---------- Exercise data ----------

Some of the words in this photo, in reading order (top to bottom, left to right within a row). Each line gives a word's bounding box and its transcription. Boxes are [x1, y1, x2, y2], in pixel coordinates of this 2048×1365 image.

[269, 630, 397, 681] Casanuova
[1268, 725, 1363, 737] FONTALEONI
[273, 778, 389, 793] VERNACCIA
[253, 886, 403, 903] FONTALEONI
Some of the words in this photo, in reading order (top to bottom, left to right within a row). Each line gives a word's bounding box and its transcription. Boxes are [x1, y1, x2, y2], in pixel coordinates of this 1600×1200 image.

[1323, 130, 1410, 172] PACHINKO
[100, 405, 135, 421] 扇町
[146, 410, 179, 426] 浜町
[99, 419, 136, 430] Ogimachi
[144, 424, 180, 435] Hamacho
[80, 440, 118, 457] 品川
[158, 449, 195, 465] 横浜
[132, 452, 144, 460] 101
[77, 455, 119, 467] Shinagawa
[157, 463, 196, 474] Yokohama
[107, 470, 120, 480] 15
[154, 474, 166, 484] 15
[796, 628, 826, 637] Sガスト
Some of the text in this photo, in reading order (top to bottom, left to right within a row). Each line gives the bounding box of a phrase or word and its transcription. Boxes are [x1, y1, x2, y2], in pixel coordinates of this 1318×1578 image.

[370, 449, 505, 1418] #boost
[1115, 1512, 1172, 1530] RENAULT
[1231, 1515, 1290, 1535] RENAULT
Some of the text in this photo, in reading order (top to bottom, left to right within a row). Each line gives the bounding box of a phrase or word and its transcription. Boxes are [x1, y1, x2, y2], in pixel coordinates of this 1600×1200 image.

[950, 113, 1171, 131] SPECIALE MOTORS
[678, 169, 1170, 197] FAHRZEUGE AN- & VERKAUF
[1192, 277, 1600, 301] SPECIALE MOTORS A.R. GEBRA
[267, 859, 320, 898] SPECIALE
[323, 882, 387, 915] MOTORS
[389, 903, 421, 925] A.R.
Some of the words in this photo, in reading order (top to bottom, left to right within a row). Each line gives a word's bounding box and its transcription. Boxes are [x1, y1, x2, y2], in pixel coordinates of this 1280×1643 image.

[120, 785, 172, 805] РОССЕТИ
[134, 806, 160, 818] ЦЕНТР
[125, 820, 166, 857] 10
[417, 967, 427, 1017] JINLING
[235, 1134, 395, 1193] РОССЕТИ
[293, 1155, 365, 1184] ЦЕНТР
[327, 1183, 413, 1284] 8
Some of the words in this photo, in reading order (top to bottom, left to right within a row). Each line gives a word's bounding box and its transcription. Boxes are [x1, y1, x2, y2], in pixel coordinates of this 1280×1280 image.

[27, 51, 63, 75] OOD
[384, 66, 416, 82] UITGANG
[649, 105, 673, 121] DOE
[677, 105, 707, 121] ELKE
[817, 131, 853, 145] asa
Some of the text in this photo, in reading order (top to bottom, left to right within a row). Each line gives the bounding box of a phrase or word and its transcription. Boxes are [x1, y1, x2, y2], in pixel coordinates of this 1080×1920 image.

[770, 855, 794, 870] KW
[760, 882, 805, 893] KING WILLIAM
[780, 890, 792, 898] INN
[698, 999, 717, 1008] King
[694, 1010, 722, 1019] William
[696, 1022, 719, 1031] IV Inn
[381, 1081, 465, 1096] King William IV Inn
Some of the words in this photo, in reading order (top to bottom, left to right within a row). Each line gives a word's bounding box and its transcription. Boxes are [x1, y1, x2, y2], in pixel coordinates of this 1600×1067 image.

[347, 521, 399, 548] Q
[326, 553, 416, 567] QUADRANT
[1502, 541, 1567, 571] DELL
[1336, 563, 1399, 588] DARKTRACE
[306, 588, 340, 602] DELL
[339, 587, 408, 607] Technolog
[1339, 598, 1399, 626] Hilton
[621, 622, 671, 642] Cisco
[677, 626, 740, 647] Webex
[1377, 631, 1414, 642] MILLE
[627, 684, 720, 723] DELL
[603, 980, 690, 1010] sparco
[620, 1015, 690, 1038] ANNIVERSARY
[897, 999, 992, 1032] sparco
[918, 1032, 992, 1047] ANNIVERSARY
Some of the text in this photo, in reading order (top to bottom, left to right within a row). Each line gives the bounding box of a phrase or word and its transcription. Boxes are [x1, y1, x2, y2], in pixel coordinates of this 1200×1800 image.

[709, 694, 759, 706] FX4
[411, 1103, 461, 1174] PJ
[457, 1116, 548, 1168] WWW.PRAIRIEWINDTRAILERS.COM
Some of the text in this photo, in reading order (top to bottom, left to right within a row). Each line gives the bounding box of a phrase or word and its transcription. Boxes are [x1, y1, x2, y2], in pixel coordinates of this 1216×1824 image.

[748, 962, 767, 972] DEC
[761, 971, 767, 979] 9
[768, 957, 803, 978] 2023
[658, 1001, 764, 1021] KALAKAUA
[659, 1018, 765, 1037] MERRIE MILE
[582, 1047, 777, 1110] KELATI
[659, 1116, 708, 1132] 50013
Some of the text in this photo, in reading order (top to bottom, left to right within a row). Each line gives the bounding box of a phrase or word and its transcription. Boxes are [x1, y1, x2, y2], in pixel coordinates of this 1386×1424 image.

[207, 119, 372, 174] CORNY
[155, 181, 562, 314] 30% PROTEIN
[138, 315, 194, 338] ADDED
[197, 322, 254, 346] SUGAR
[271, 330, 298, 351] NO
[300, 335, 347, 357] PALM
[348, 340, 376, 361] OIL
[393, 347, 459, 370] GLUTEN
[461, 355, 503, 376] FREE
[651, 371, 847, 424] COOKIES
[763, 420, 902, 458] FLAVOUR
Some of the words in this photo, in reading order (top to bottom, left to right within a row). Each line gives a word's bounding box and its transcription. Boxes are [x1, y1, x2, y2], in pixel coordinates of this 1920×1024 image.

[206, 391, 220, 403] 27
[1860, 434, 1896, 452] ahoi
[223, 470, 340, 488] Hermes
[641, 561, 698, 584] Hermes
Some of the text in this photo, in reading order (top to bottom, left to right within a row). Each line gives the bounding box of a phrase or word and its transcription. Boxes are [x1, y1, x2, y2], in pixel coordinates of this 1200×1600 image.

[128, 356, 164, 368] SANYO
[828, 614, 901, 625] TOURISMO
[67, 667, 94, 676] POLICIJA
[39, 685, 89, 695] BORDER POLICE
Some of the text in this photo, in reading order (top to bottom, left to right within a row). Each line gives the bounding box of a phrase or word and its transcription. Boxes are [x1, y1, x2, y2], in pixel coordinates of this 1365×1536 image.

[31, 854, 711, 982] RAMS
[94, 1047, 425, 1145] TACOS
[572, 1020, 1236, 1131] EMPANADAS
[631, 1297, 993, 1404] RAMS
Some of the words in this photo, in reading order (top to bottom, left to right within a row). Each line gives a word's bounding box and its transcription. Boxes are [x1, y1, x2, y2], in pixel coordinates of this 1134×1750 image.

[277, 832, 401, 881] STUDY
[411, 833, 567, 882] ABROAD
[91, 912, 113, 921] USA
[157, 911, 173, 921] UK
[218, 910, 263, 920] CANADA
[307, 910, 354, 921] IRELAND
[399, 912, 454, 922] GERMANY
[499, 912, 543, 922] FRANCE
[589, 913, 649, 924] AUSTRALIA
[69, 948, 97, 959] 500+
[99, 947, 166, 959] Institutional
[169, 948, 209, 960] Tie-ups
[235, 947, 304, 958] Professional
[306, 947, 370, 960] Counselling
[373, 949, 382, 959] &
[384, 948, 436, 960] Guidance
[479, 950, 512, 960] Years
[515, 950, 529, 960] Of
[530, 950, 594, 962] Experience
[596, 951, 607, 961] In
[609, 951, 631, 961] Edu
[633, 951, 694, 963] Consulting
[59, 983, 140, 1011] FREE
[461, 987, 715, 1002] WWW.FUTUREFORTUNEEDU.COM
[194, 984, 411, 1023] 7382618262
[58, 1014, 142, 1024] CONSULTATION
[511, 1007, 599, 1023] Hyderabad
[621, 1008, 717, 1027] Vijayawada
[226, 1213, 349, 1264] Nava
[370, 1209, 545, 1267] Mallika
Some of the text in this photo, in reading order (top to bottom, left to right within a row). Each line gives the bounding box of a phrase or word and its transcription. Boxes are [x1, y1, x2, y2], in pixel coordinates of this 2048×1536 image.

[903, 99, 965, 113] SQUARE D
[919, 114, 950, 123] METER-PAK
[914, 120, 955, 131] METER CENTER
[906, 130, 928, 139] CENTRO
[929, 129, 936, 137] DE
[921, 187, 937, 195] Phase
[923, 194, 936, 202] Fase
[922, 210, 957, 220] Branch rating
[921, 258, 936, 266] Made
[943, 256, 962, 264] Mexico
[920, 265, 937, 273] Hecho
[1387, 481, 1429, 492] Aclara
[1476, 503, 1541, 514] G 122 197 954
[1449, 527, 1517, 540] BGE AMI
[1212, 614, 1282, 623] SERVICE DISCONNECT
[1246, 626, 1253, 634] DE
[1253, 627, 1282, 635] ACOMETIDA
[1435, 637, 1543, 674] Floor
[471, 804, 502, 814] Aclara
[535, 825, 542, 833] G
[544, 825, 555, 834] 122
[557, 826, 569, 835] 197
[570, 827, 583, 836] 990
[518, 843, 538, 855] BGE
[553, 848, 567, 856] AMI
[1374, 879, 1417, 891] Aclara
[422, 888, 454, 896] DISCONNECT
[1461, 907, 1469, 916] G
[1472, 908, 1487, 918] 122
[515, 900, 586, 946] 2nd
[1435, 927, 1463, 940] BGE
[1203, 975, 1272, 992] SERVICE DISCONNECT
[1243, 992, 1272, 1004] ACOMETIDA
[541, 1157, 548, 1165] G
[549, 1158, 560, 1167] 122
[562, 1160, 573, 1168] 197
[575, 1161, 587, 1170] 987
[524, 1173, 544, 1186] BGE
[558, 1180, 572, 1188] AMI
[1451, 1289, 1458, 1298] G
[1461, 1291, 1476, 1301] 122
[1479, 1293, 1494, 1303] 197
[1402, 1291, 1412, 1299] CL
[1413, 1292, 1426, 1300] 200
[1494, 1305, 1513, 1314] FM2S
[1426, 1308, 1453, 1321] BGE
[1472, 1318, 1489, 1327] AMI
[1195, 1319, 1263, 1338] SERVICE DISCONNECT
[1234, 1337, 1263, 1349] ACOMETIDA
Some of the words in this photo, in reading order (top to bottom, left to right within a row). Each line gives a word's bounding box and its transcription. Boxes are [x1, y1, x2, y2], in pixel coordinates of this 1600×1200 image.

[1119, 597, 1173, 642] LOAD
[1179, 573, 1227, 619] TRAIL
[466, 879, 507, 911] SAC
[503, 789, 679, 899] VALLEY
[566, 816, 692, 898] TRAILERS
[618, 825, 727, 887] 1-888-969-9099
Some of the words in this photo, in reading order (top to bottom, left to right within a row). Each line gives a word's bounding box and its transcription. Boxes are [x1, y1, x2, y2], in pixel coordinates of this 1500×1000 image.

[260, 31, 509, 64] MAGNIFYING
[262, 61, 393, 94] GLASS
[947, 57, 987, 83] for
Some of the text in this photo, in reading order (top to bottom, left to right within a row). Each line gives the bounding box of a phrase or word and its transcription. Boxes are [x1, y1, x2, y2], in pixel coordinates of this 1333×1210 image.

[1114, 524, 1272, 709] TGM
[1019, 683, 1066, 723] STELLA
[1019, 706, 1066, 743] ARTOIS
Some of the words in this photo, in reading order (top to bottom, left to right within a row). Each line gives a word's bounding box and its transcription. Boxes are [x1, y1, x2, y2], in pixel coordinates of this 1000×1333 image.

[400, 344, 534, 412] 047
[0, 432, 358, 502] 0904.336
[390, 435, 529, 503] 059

----------

-- Exercise aim --
Emit verbatim the lines running from the one with "this 1000×1333 image." through the last line of the data, both endpoints inclusive.

-- Problem solution --
Some of the words in this photo, in reading order (top to bottom, left to right within a row). Each line gives a word's bounding box and its transcription. Boxes are [x1, y1, x2, y2], in pixel coordinates of this 1000×1333 image.

[400, 344, 534, 412] 047
[0, 432, 358, 502] 0904.336
[390, 435, 529, 503] 059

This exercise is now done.